For most of my life I've run around with my hair on fire...doing this and that...running hither and yon...and fretting, worrying, and stressing myself into regular tizzie fits. It might have looked like I was remarkably calm and in control, but I promise you that under the surface of the water my fat little legs were kicking as fast as they possibly could.
I also used to pride myself on the fact that, despite my girth, I was physically a very strong person and had pretty good stamnia for an old broad. I was able to manage myself and my household without too much drama, and there were times when I would have considered myself moderately physically active.
But now?
The physical toll that this kidney disease has taken is...terrifying. I am on my knees every night thanking God that I feel as good as I do, since I know that there are sooooo many people with soooo many more terrible ailments than mine, but the loss of my physical well-being is not exactly going down like a spoonful of sugar lately.
(Of course, that last statement was meant to be metaphorical, since I do not currently possess the capability of SEEING my knees...let alone getting on them, but I think you get the point.)
So I suppose what I'm trying to say is...I'm making lemonade here, kids. And while I am enjoying quiet days of floating in a pool or taking a nap or sitting in the Happy Chair watching the walls, I would trade them quite happily for a day in which I felt better than someone who has just been dropped on their head from a very tall building into a pile of fire ants right after running a marathon and taking an all night chemistry exam.
I don't say this to draw sympathy...that would be my worst nightmare. I say it to tell you that sometimes it's just nice to come here to the Land of MakeBelieve and Pretty Stitchy Things and talk about the weather. Or embroidery hoops. Or the perfect project bag in which one stores their WIPs. I'm sure Betty would tell me that, in addition to being mentally and emotionally unstable, I am just not living in reality, but...dear, dear sweet hateful Betty...reality just sucks the life out of me at the moment and I have finally found a way to keep it in check by ignoring it completely.
So in between going to the hospital, lab, and doctor's office for tests and appointments and...all of it, I put on my sunglasses and pretend that I'm a Real Housewife of Someplace or Other and I get on with it. Every now and then I do something fun like float in a pool or wander the storage solutions aisle at the Targets, and other days I can't get out of bed for neither love nor money.
But I'm here. And to paraphrase Miss Ceily Her Very Self from The Color Purple..."I may be poor. I may be sick. I may even be ugly. But I'm here. God knows I'm here!"

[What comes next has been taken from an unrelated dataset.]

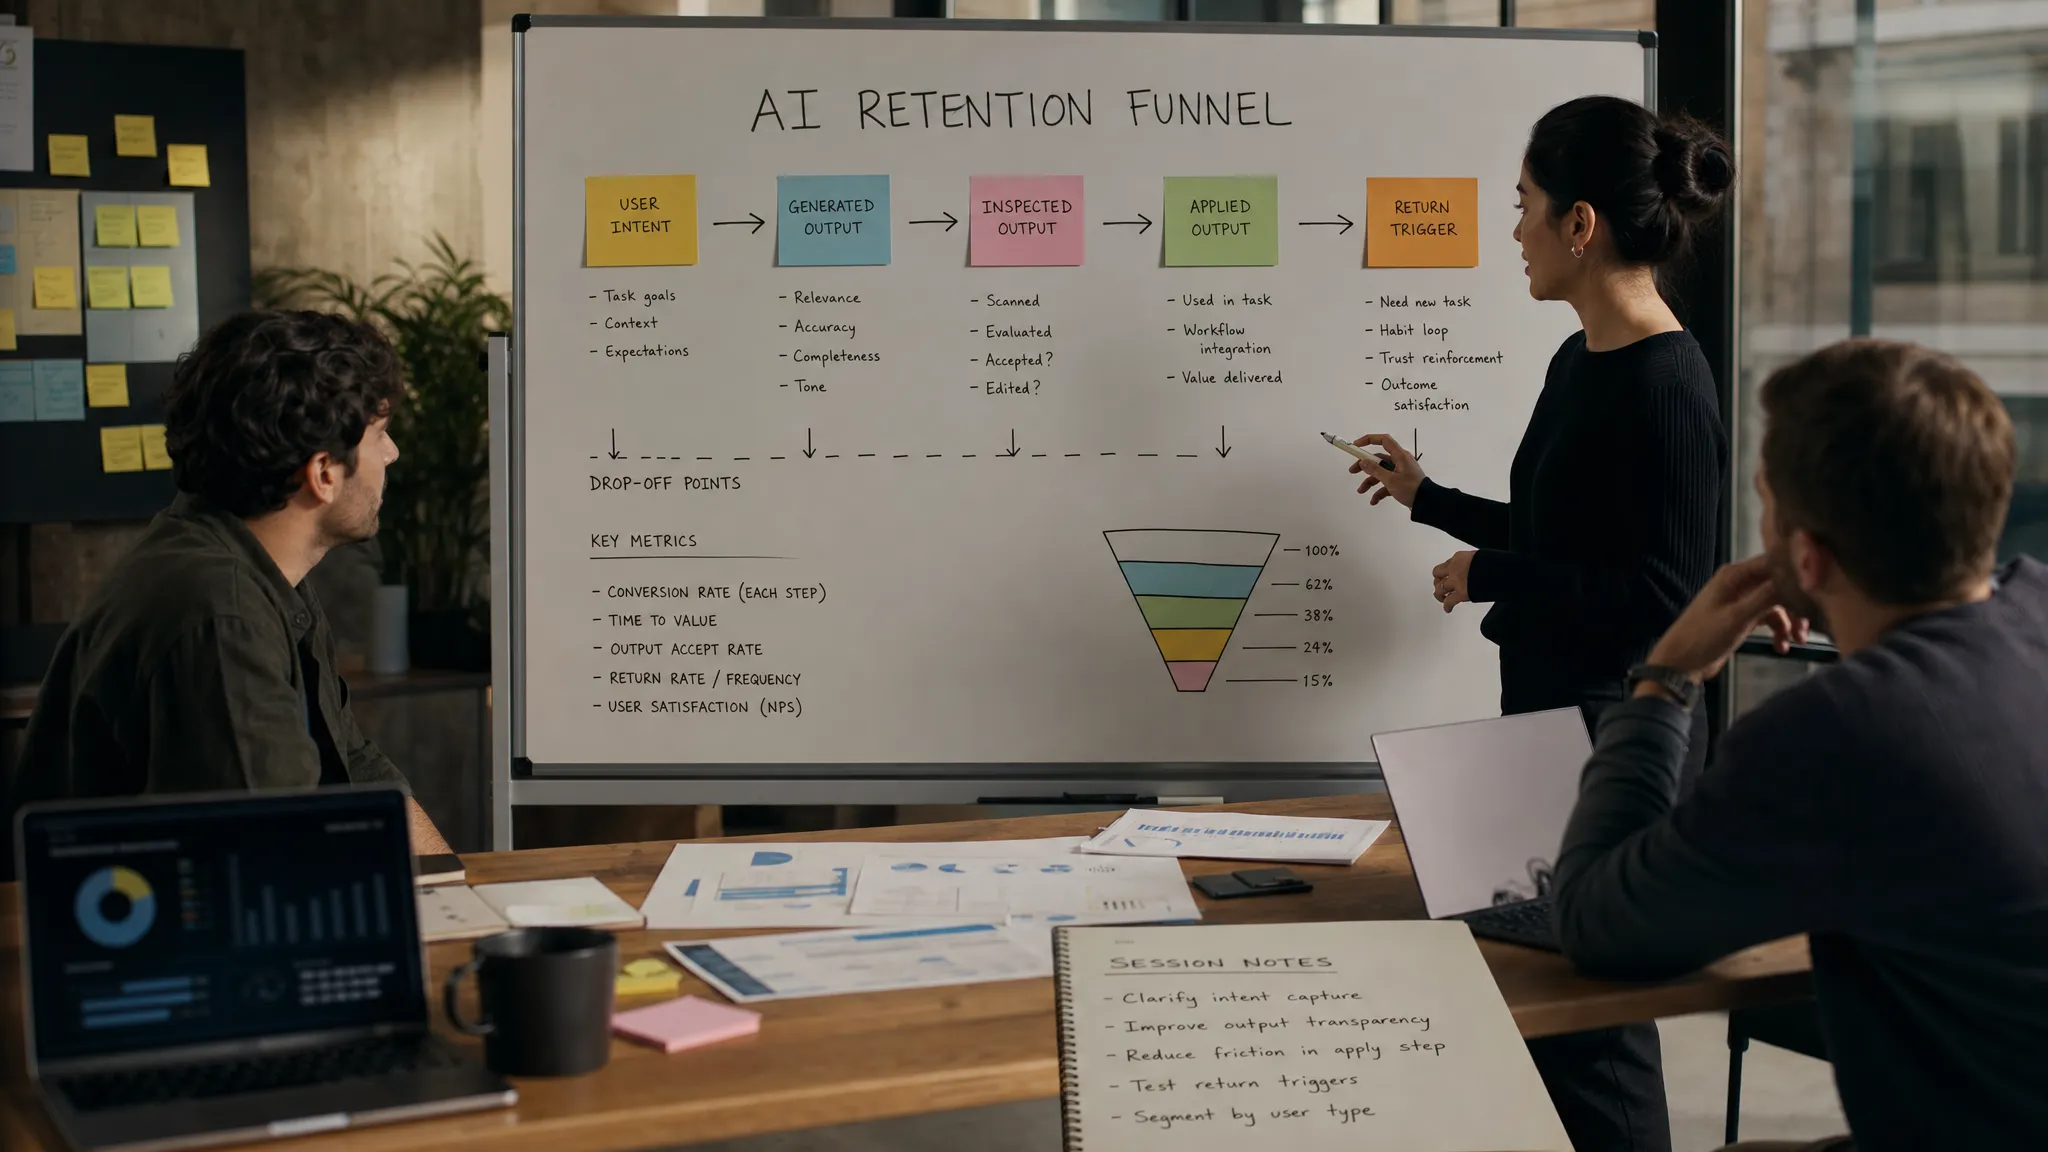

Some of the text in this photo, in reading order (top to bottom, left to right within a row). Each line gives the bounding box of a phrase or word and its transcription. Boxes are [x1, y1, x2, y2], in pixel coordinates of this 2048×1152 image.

(Favorite scene in all of moviedom, by the way. Right up there with Ray saying "It's the Stay-Puft marshmallow man" to explain the coming of Gozer.)
OK, end of ramble. Sometimes I just need to remind myself that it's OK to just skip merrily through the tulpis while humming a happy tune, and that you all will indulge me as I continue to do so. We're all in this together, kids, so we might as well have fun while we're doing it. Right?
I know what that feels like. I was sick a couple of years ago, and all I could think was "if I had the energy to clean my house, do my laundry, wash my own dishes without wearing out, or feeling like I wasn't even my own body I would never complain again." That day did come, and when I find myself grumbling about everyday, mundane chores, I quickly snap out of that funk, and do my chores gratefully and with a smile. Coni, that day will come for you too! Hang in there.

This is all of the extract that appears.